As a kid, Max Kozlov was dead set on one day becoming the next famous meteorologist or pharmacist.
He was fascinated by trips to the Museum of Science in Boston, where he could pretend to be a scientist even though he couldn't speak English well, as his entire family moved to the Boston area from Ukraine a few years before he was born. Admittedly, Max is obsessed with his babushka’s borscht.
All through high school and into college, Max worked at the Museum of Science teaching science in the very same exhibit he once visited as a child. His favorite part of the job: putting on a giant bee costume and pretending to buzz around like a bee with young visitors to teach them how bees make honey.

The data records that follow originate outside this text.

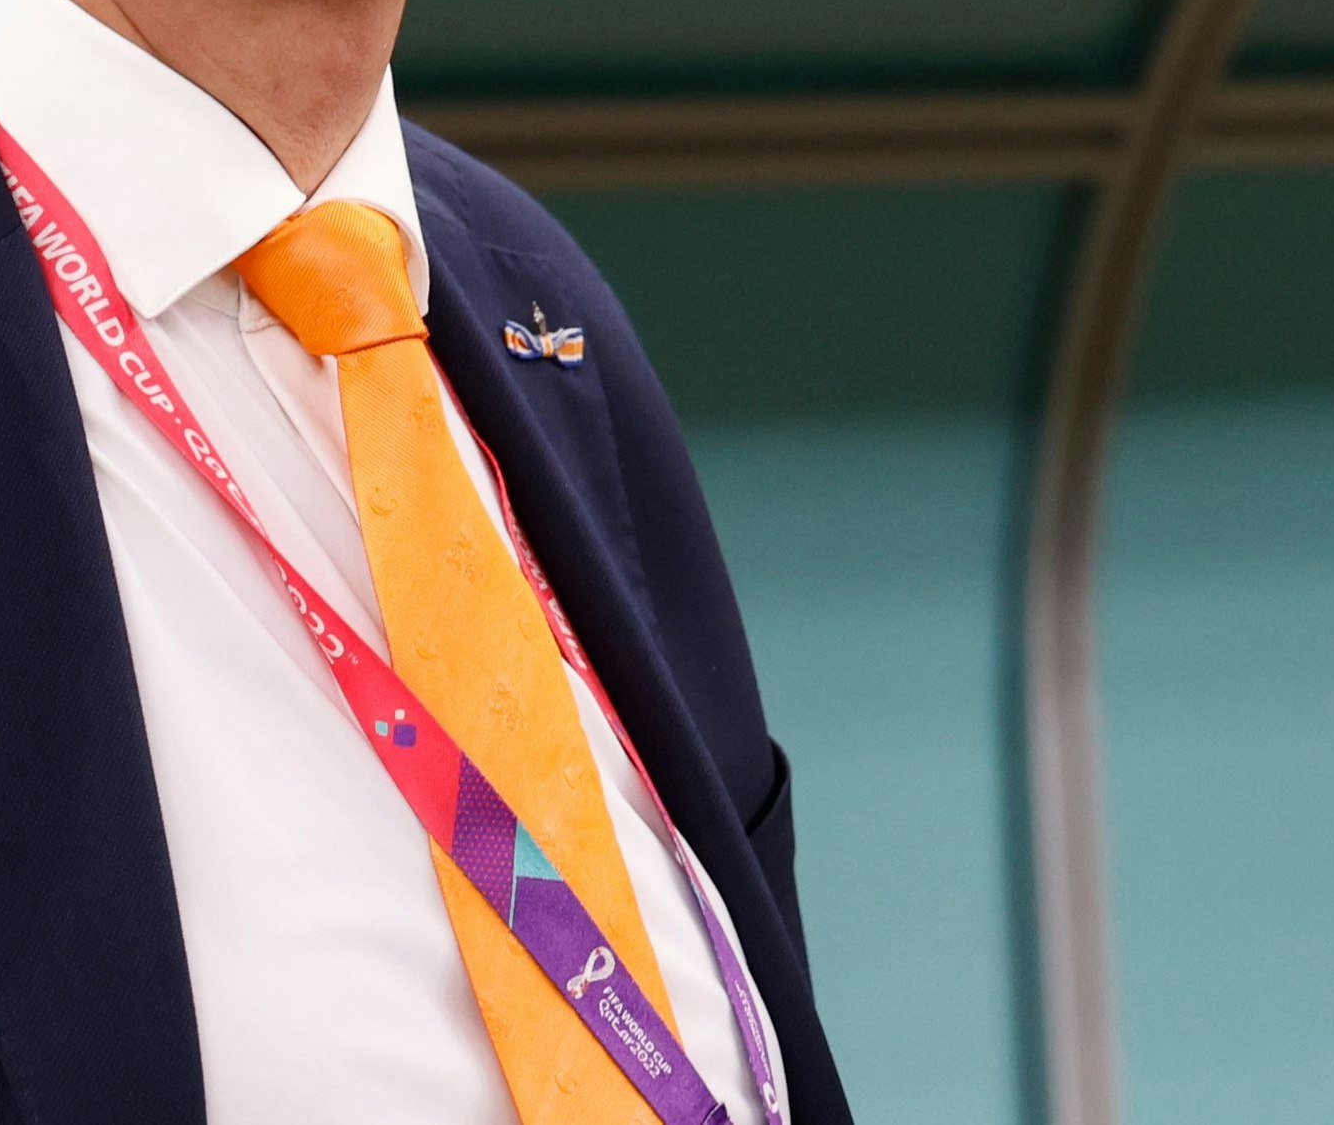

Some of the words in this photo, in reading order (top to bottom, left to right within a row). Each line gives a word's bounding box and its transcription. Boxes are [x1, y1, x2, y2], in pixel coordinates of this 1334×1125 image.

[33, 221, 126, 347] WORLD
[119, 350, 174, 414] CUP
[603, 986, 625, 1015] FIFA
[620, 1008, 655, 1053] WORLD
[653, 1050, 672, 1074] CUP

He studied cognitive neuroscience at Brown University as a first-gen student. After graduating, Max was awarded the 2020 AAAS Mass Media Fellowship, where he covered science at the St. Louis Post-Dispatch.
Today, he writes for Nature as a life-sciences reporter.
His work has also appeared in The Atlantic, Quanta Magazine, The Scientist, The St. Louis Post-Dispatch, Behavioral Scientist, and The Public’s Radio.
In his free time, he loves to rock climb, participate in research studies, and devour just about every journalistic piece he comes across.
To this day, he's still fascinated by the weather and medicine and, who knows, hopefully he’s making childhood Max proud by writing about science.